### Listed records ###

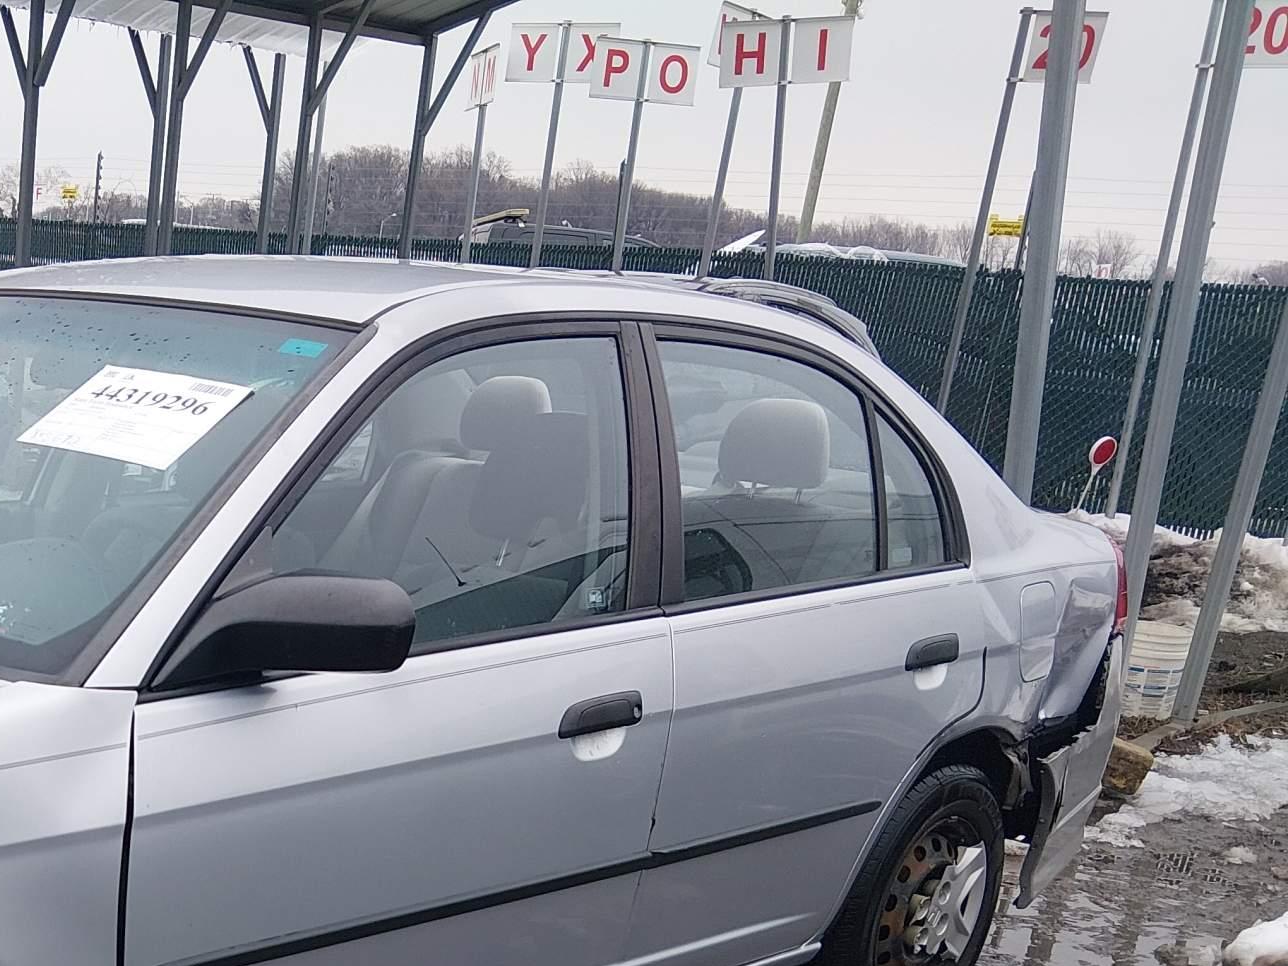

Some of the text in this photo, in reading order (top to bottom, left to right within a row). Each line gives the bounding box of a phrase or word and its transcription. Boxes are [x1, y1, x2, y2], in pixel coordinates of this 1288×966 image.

[521, 33, 548, 72] Y
[603, 48, 630, 88] P
[734, 32, 767, 75] H
[817, 29, 829, 71] I
[91, 384, 217, 416] 44319296
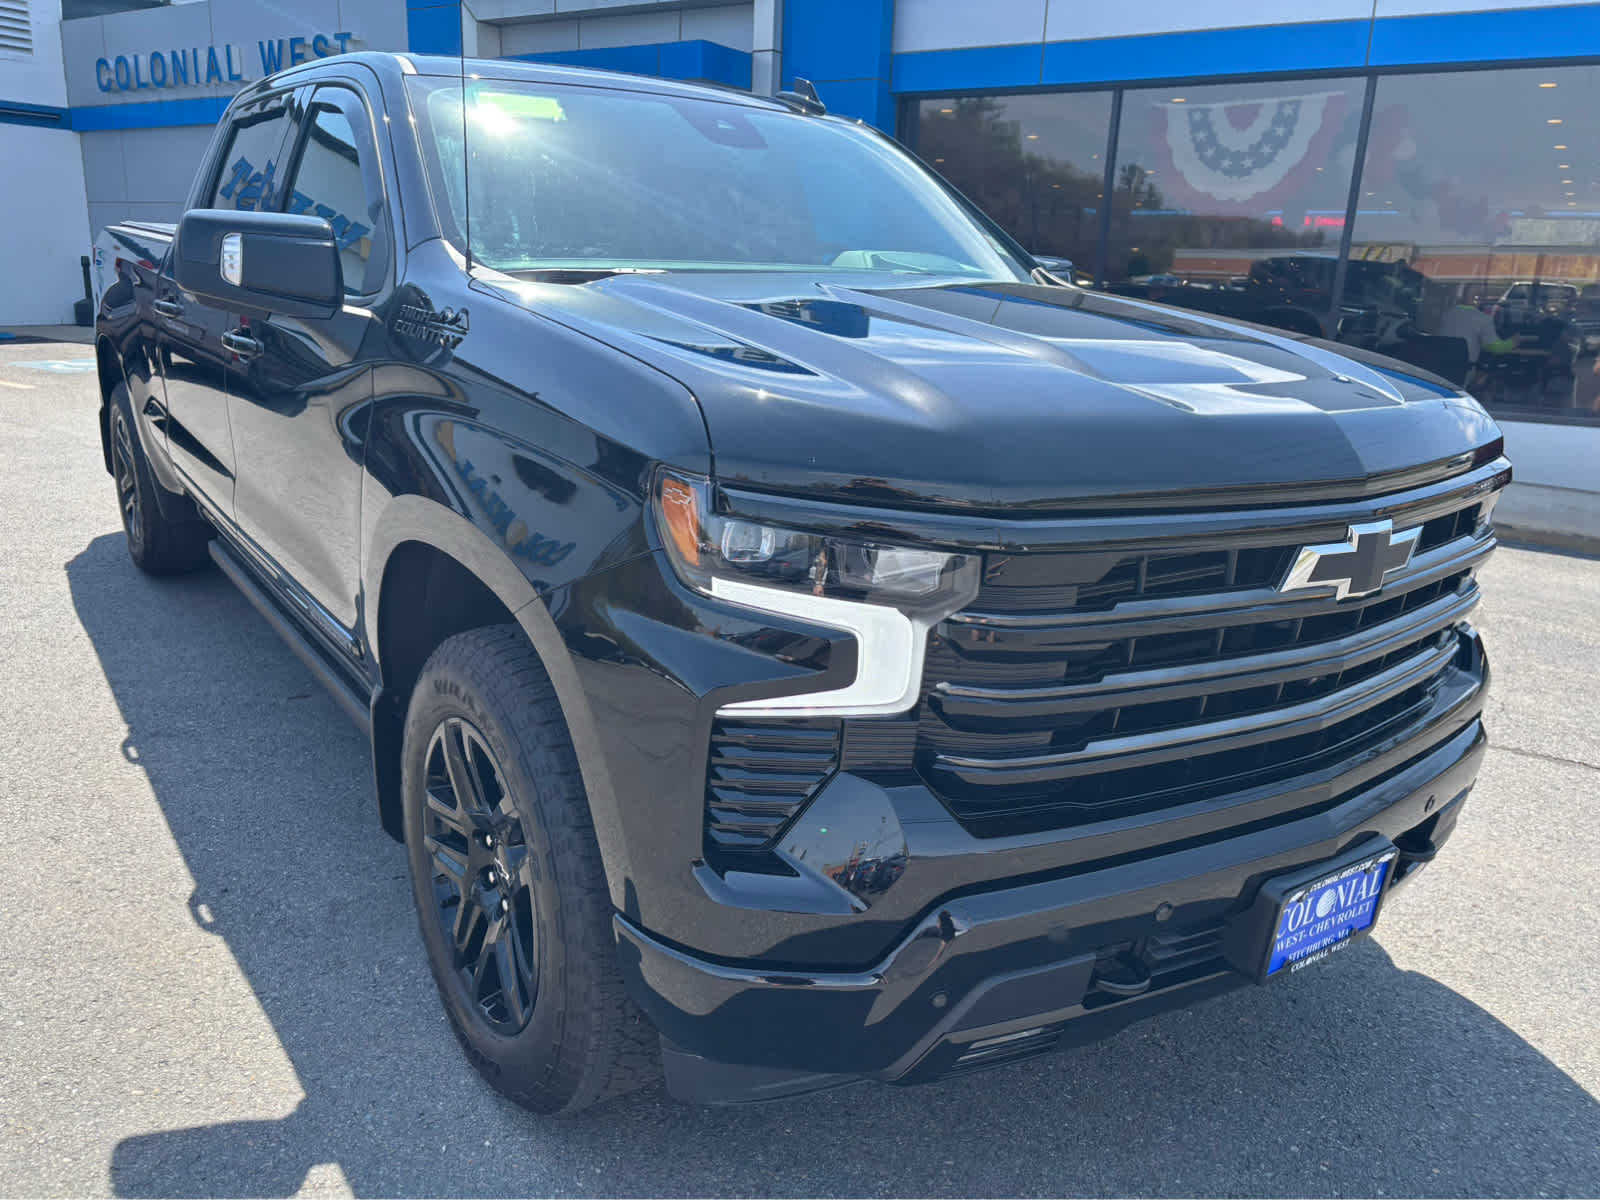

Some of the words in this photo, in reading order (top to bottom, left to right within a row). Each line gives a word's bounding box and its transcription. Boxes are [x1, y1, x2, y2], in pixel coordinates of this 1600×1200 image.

###

- [What you should do]: None of the pictures should be carried over when the data above is transcribed exactly.

- [Task output]:
Some of the text in this photo, in reading order (top to bottom, left to right within a row). Each line gives the bounding box of a phrase or word and its transcription. Boxes are [x1, y1, x2, y2], in pixel coordinates of this 1288×966 image.

[521, 33, 548, 72] Y
[603, 48, 630, 88] P
[734, 32, 767, 75] H
[817, 29, 829, 71] I
[91, 384, 217, 416] 44319296

Some of the words in this photo, in reading order (top to bottom, left to right within a row). Each line gives a word's bounding box and its transcription. Boxes are [x1, y1, x2, y2], in pixel coordinates of this 1600×1200 image.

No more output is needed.